== Input ==

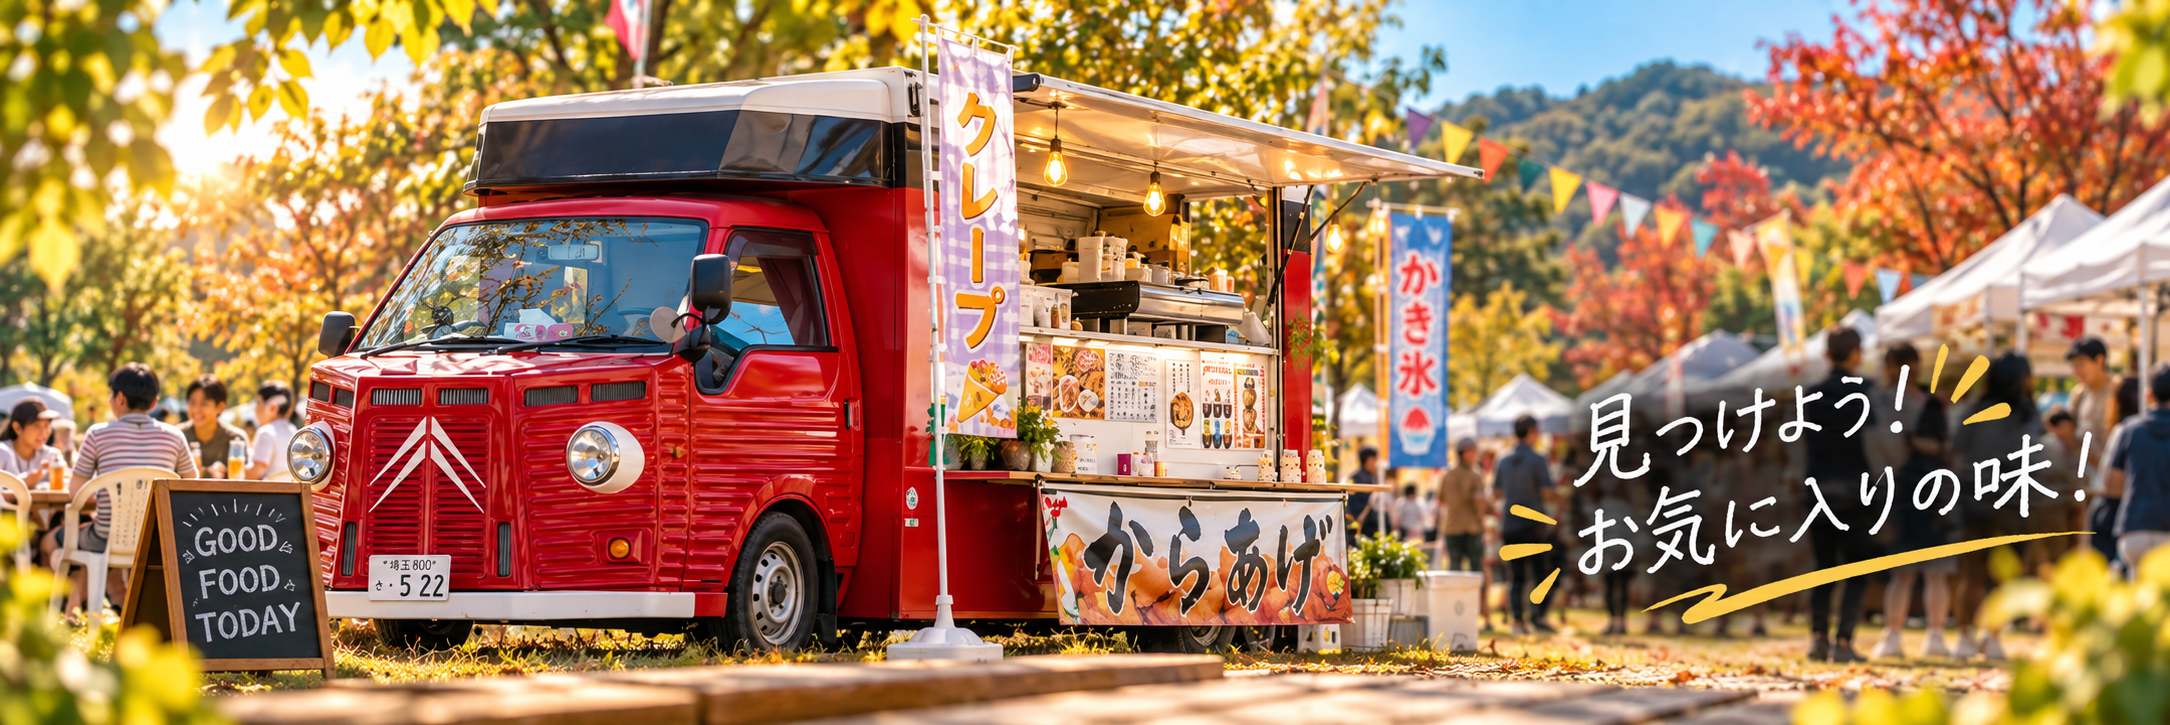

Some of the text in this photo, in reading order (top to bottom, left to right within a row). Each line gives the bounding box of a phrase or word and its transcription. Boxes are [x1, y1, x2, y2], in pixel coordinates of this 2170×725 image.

[954, 91, 1006, 350] クレープ
[1398, 253, 1439, 397] かき氷
[194, 524, 278, 557] GOOD
[1083, 500, 1333, 616] からあげ
[198, 564, 280, 599] FOOD
[412, 559, 432, 571] 800
[195, 601, 301, 643] TODAY
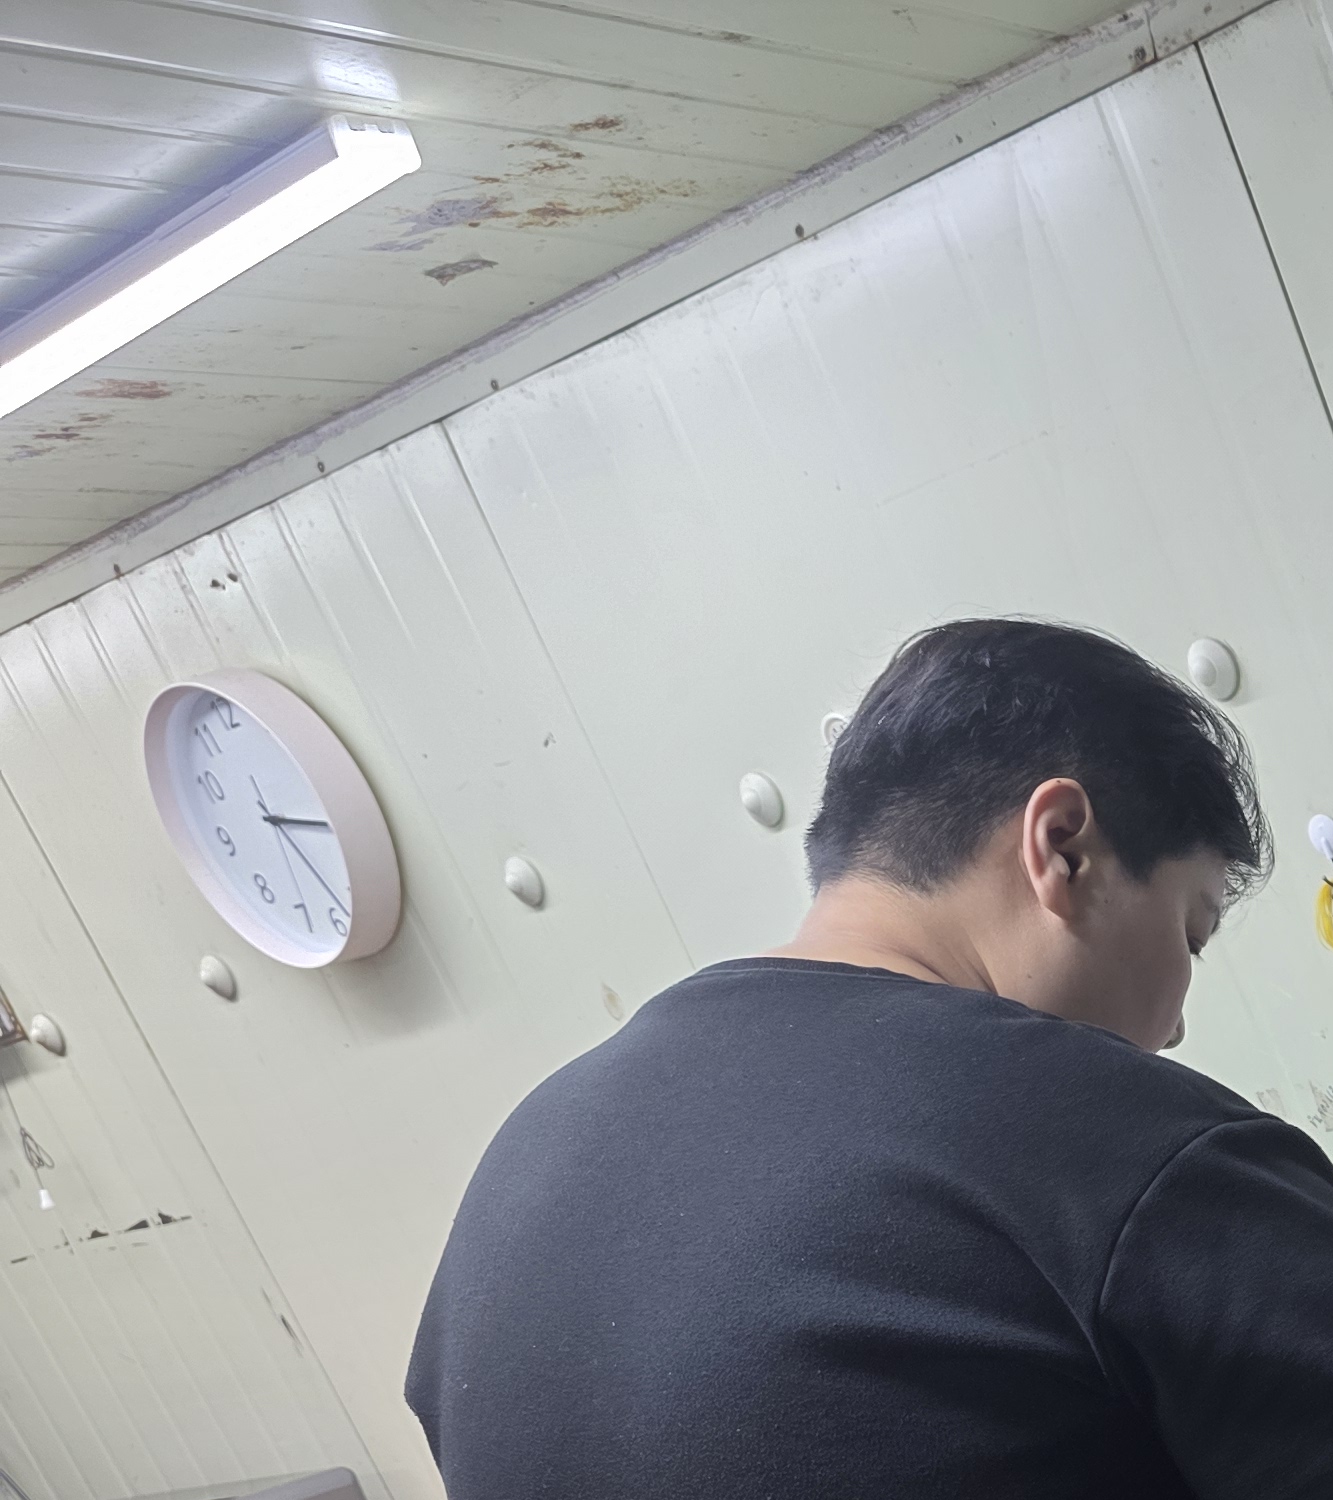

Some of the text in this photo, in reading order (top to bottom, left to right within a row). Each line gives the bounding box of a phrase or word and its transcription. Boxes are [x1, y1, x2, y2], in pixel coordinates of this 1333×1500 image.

[210, 697, 240, 731] 12
[194, 724, 222, 757] 11
[197, 770, 225, 804] 10
[216, 826, 236, 857] 9
[254, 873, 275, 904] 8
[294, 903, 314, 933] 7
[329, 907, 348, 937] 6

===

When you retype the records, keep every word exactly as written and exclude the pictures.

Some of the text in this photo, in reading order (top to bottom, left to right within a row). Each line gives the bounding box of a phrase or word and its transcription. Boxes are [x1, y1, x2, y2], in pixel coordinates of this 2170×725 image.

[954, 91, 1006, 350] クレープ
[1398, 253, 1439, 397] かき氷
[194, 524, 278, 557] GOOD
[1083, 500, 1333, 616] からあげ
[198, 564, 280, 599] FOOD
[412, 559, 432, 571] 800
[195, 601, 301, 643] TODAY

Some of the text in this photo, in reading order (top to bottom, left to right within a row). Each line gives the bounding box of a phrase or word and its transcription. Boxes are [x1, y1, x2, y2], in pixel coordinates of this 1333×1500 image.

[210, 697, 240, 731] 12
[194, 724, 222, 757] 11
[197, 770, 225, 804] 10
[216, 826, 236, 857] 9
[254, 873, 275, 904] 8
[294, 903, 314, 933] 7
[329, 907, 348, 937] 6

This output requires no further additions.